REQUIRED ACTION:
Please reproduce the data exactly, though every picture must stay out.

SUPPLIED DATA:
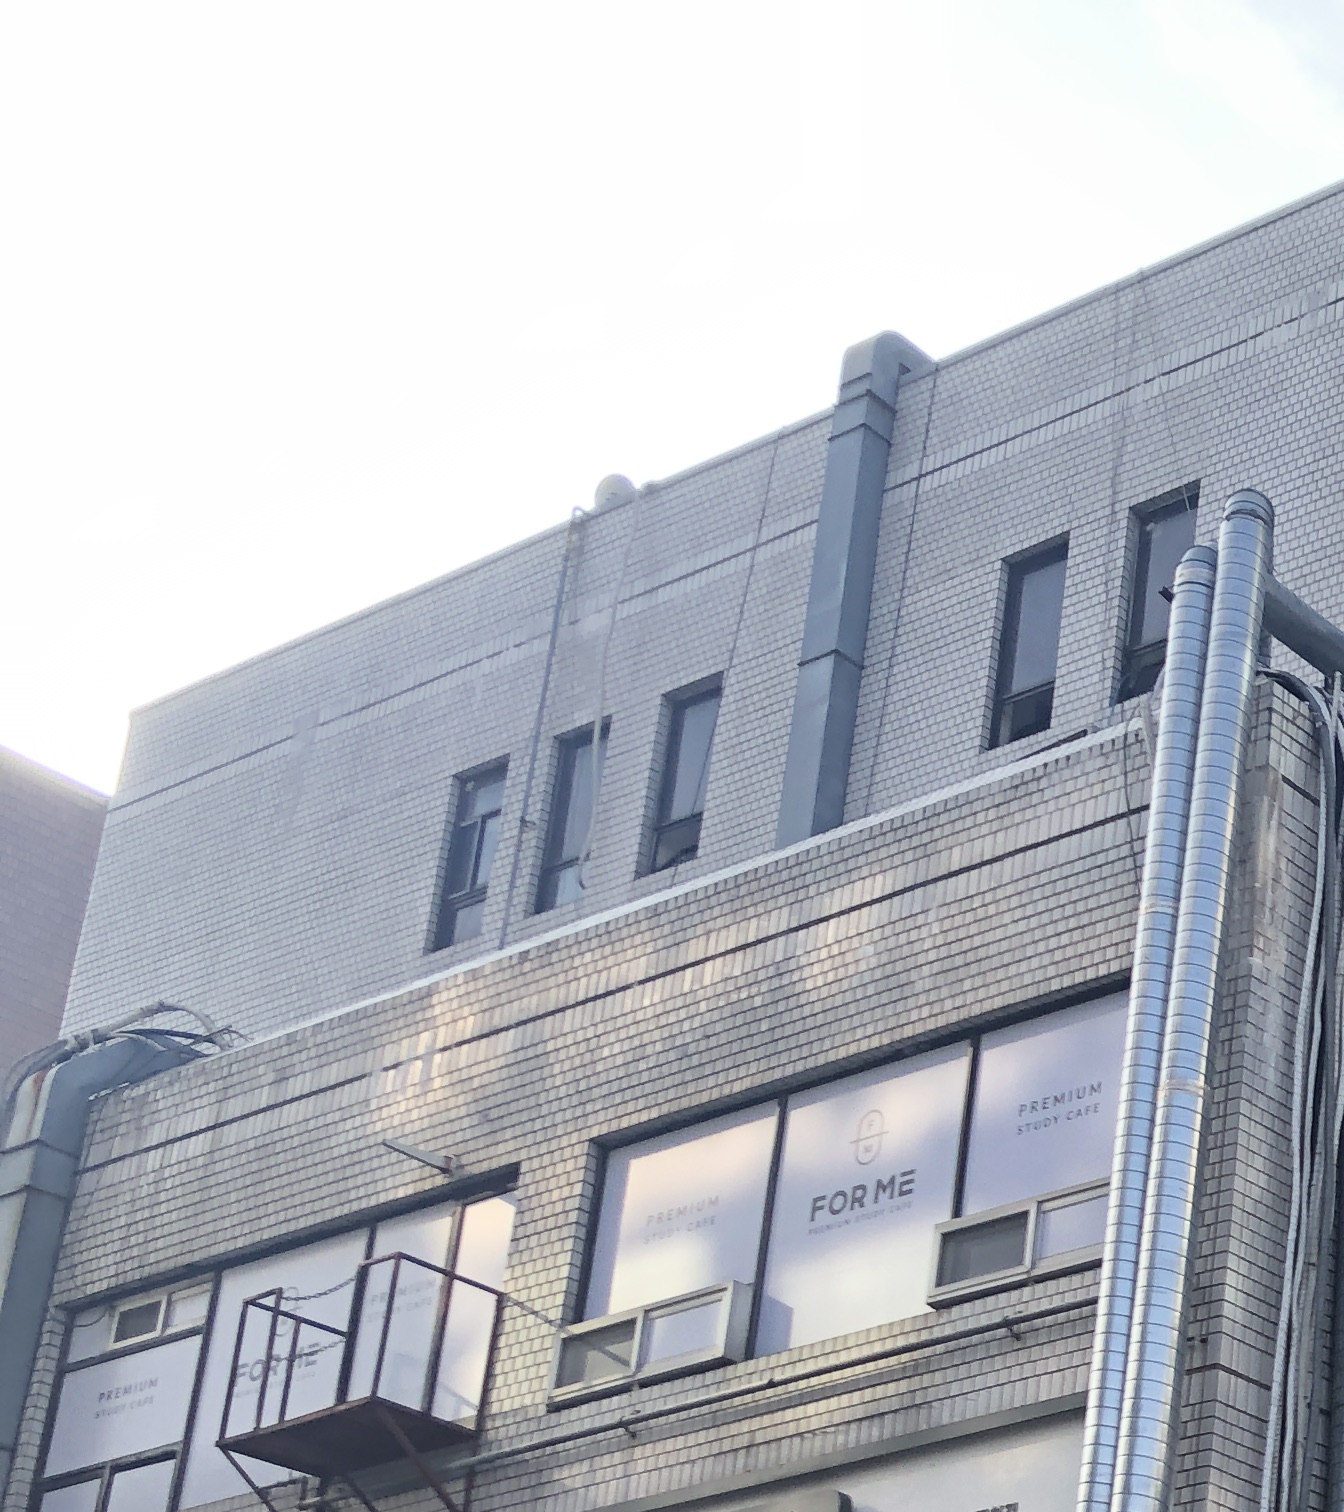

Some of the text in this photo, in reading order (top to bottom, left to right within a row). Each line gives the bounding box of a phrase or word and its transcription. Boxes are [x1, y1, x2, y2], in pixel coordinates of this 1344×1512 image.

[1016, 1080, 1104, 1119] PREMIUM
[1015, 1101, 1102, 1136] STUDY CAFE
[646, 1194, 721, 1228] PREMIUM
[98, 1377, 158, 1404] PREMIUM
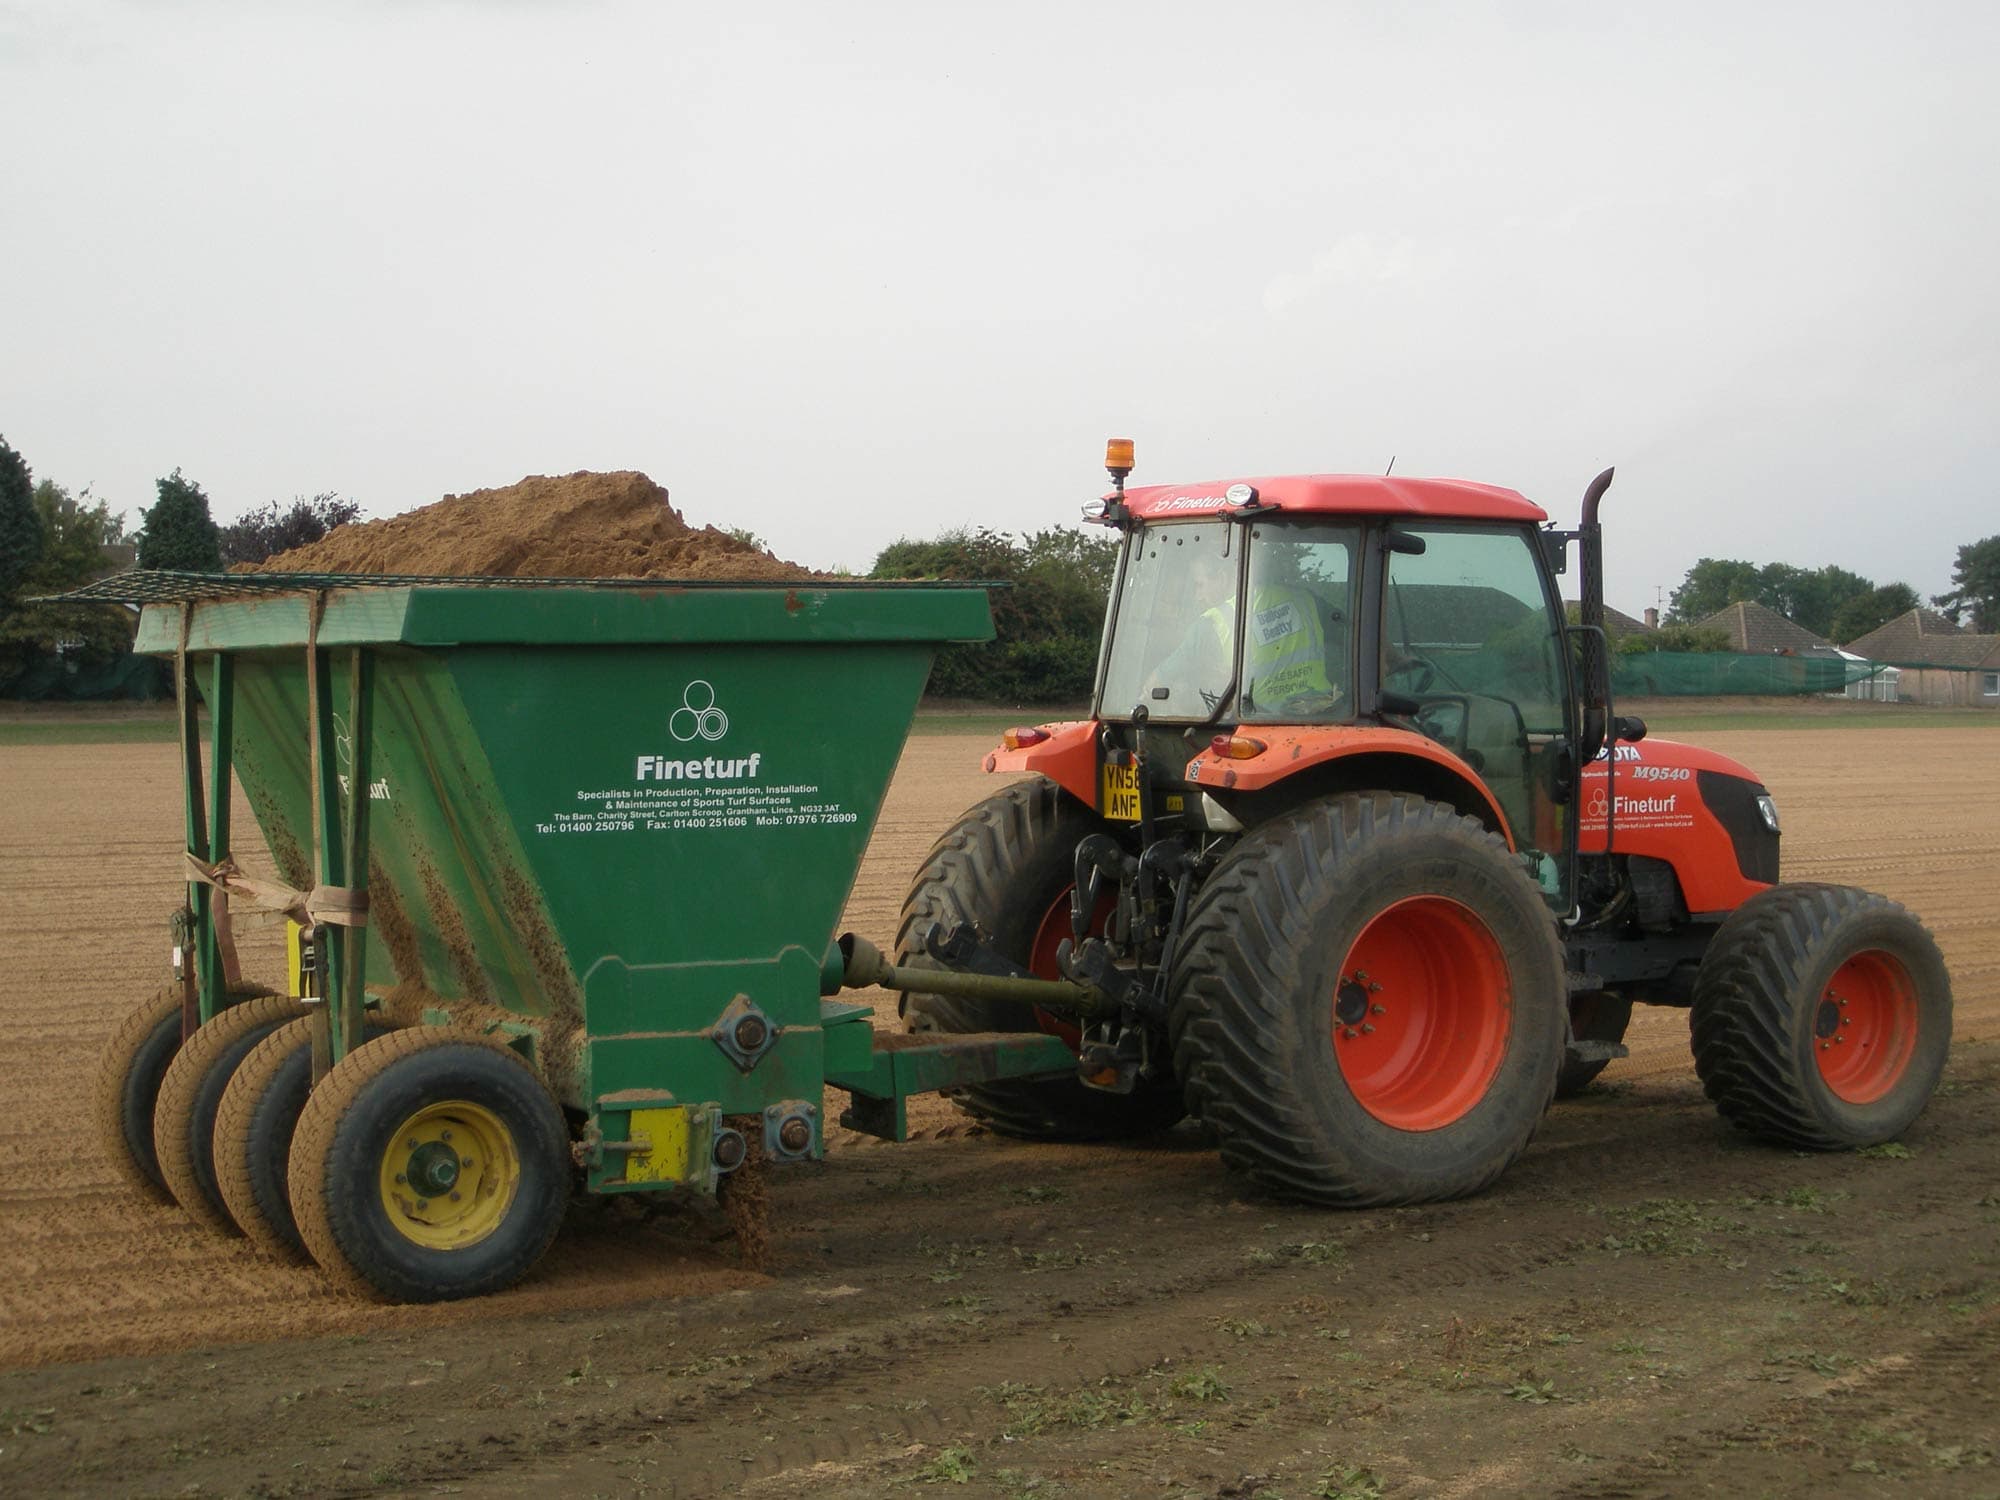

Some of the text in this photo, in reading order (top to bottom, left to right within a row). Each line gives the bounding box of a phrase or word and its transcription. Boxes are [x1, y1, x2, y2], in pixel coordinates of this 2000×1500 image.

[1168, 496, 1226, 510] Finetur
[637, 754, 760, 780] Fineturf
[1632, 766, 1690, 781] M9540
[577, 784, 818, 801] Specialists in Production, Preparation, Installation
[605, 796, 791, 810] & Maintenance of Sports Turf Surfaces
[1112, 793, 1138, 817] ANF
[1614, 795, 1676, 813] Fineturf
[555, 813, 570, 821] The
[597, 811, 628, 821] Charity
[659, 809, 690, 818] Carlton
[800, 805, 823, 813] NG32
[825, 804, 840, 812] 3AT
[756, 813, 858, 826] Mob: 07976 726909
[536, 820, 635, 834] Tel: 01400 250796
[647, 817, 748, 830] Fax: 01400 251606
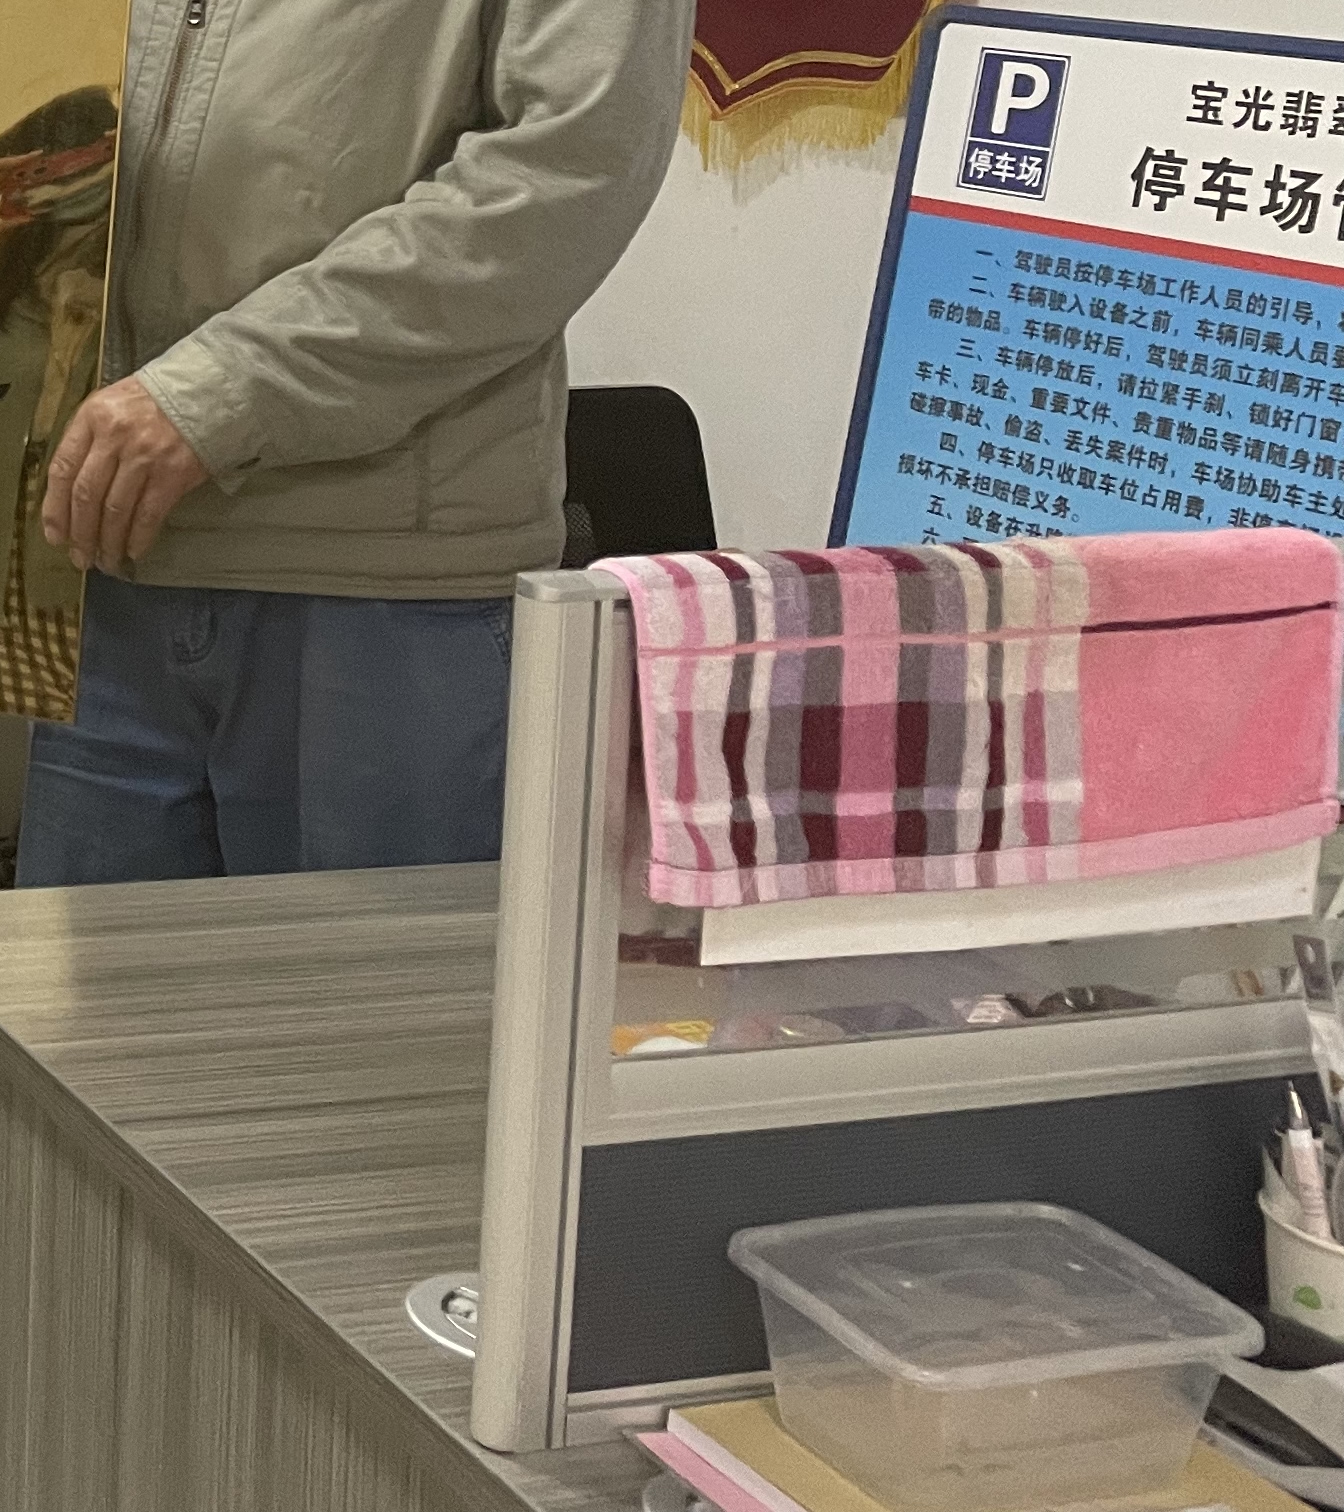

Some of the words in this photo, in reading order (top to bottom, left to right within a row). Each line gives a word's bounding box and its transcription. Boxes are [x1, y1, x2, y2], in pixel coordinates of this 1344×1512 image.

[990, 60, 1050, 134] P
[968, 147, 1044, 189] 停车场
[1130, 146, 1344, 241] 停车场

REPLY:
Some of the text in this photo, in reading order (top to bottom, left to right within a row). Each line gives the bounding box of a phrase or word and its transcription. Boxes are [x1, y1, x2, y2], in pixel coordinates of this 1344×1512 image.

[1016, 1080, 1104, 1119] PREMIUM
[1015, 1101, 1102, 1136] STUDY CAFE
[646, 1194, 721, 1228] PREMIUM
[98, 1377, 158, 1404] PREMIUM

Some of the text in this photo, in reading order (top to bottom, left to right within a row). Each line gives the bounding box of a phrase or word and its transcription. Boxes are [x1, y1, x2, y2], in pixel coordinates of this 2000×1500 image.

[1168, 496, 1226, 510] Finetur
[637, 754, 760, 780] Fineturf
[1632, 766, 1690, 781] M9540
[577, 784, 818, 801] Specialists in Production, Preparation, Installation
[605, 796, 791, 810] & Maintenance of Sports Turf Surfaces
[1112, 793, 1138, 817] ANF
[1614, 795, 1676, 813] Fineturf
[555, 813, 570, 821] The
[597, 811, 628, 821] Charity
[659, 809, 690, 818] Carlton
[800, 805, 823, 813] NG32
[825, 804, 840, 812] 3AT
[756, 813, 858, 826] Mob: 07976 726909
[536, 820, 635, 834] Tel: 01400 250796
[647, 817, 748, 830] Fax: 01400 251606

Some of the words in this photo, in reading order (top to bottom, left to right within a row). Each line gives a word's bounding box and its transcription. Boxes are [x1, y1, x2, y2], in pixel coordinates of this 1344×1512 image.

[990, 60, 1050, 134] P
[968, 147, 1044, 189] 停车场
[1130, 146, 1344, 241] 停车场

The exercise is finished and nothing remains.